Results demonstrated that production per rearing period increased (albeit at a diminishing rate) with an increasing number of harvest/restocking intervals; that is, with increasing numbers of distinct size groups present. Using data based on rainbow trout production, simulation outputs indicated that the increases in production over a single-batch strategy would be 44 percent, 65 percent, 87 percent, 98 percent, 104 percent and 110 percent for 2, 3, 5, 7, 9, and 12 harvest/restocking intervals over a set time period. Clearly, not many single-batch systems can be partitioned into 12 discrete segments, but many would easily lend themselves to two, three or five. Gains in production were somewhat reduced when mortality rate or size at stocking were increased, but the potential for improving yields while using the same infrastructure was impressive.

Summerfelt et al. (1993) presented a biological model allowing intervals between stocking, partial harvests and full harvests to vary independently. They then used the model to compare simulated productivity from single-batch stocking and harvest, concurrent batch stocking and harvest (CBSH - wherein individual groups of fish are stocked at regular periods into a production system and raised to harvestable size in isolation from larger and smaller groups) and concurrent mixed stocking and graded harvest (CMSGH – in which small fish are stocked at regular intervals, directly with larger fish already in the system, and graded harvests of all marketable fish are conducted at regular intervals).

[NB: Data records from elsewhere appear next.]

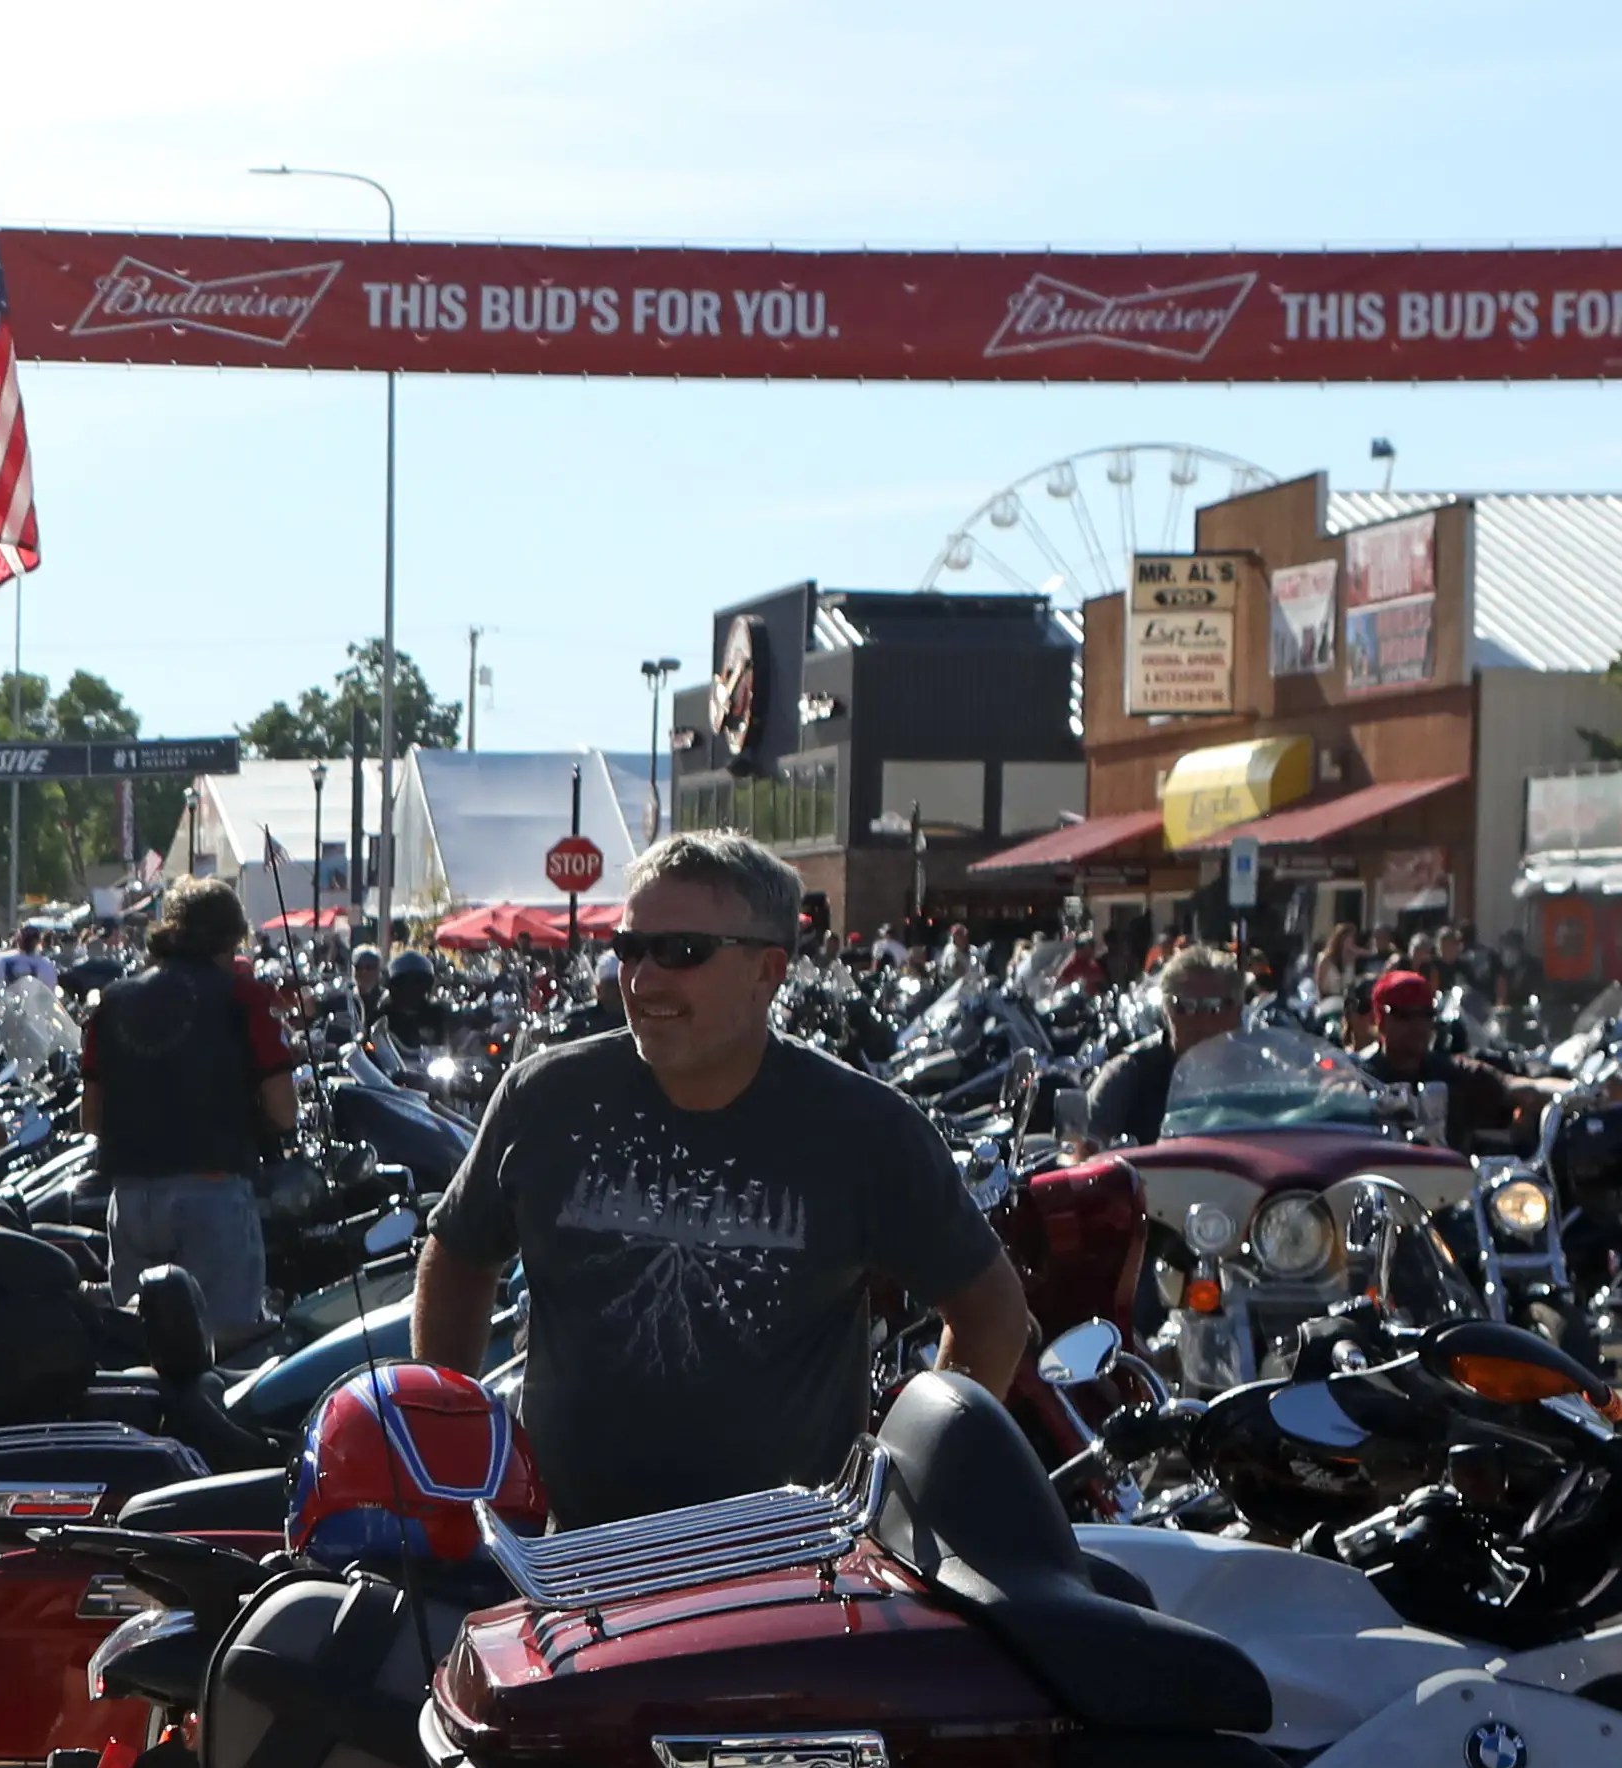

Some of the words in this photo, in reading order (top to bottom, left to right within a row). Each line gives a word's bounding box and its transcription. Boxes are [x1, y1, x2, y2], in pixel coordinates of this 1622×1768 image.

[94, 275, 314, 317] Budweiser
[362, 281, 468, 331] THIS
[480, 284, 621, 334] BUD'S
[632, 287, 722, 337] FOR
[732, 289, 840, 339] YOU.
[1007, 291, 1232, 335] Budweiser
[1280, 291, 1387, 342] THIS
[1398, 290, 1540, 341] BUD'S
[1138, 562, 1177, 584] MR.
[1188, 561, 1235, 584] AL'S
[113, 748, 137, 769] #1
[549, 852, 600, 876] STOP
[1476, 1722, 1525, 1749] BMW

In general, multiple-batch strategies resulted in overall increases of 2 to 3 times the average daily standing stock while producing similar-sized fish for harvest. One assumption of the CMSGH model which may be difficult to realise in real-world scenarios is that fish growth is independent of the presence or absence of fish from other cohorts or larger/smaller fish in the same cohort. Nonetheless, the advantages of multiple-batch production strategies in terms of overall yield were clearly demonstrated once again.

Other considerations

In most production systems and with most aquacultured species, as stocking density increases growth rate decreases, as does the size at which growth slows or ceases. This relationship can be a useful tool for species grown under single-batch stocking but in multiple ponds, tanks or cages. Several groups can be stocked at different densities to allow for staggered grow-out and harvests over a greater period of time, although partial harvests may eventually be required in units with higher stocking rates.

Regardless of stocking arrangements, efficient production strategies require that feed be equitably distributed in every group of animals. Even when multiple phases of production are practiced, with opportunities for grading, size differences can emerge which result in reduced survival and feed conversion efficiency.

When animals of various sizes are stocked together, even more care must be taken to assure all individuals have access to feed. In cage or tank culture, automatic feeders are sometimes used to provide feed at sufficiently frequent intervals to allow for equitable utilisation among all sizes of fish present. Demand feeders are also sometimes used, but these devices tend to encourage the establishment of social hierarchies in some species, wherein certain individuals monopolise the area adjacent to the feeder, effectively blocking access to smaller or less aggressive individuals.

Many of the strategies presented here will require the modification of facilities and production practices, but in almost every instance they will pay for themselves in a short amount of time.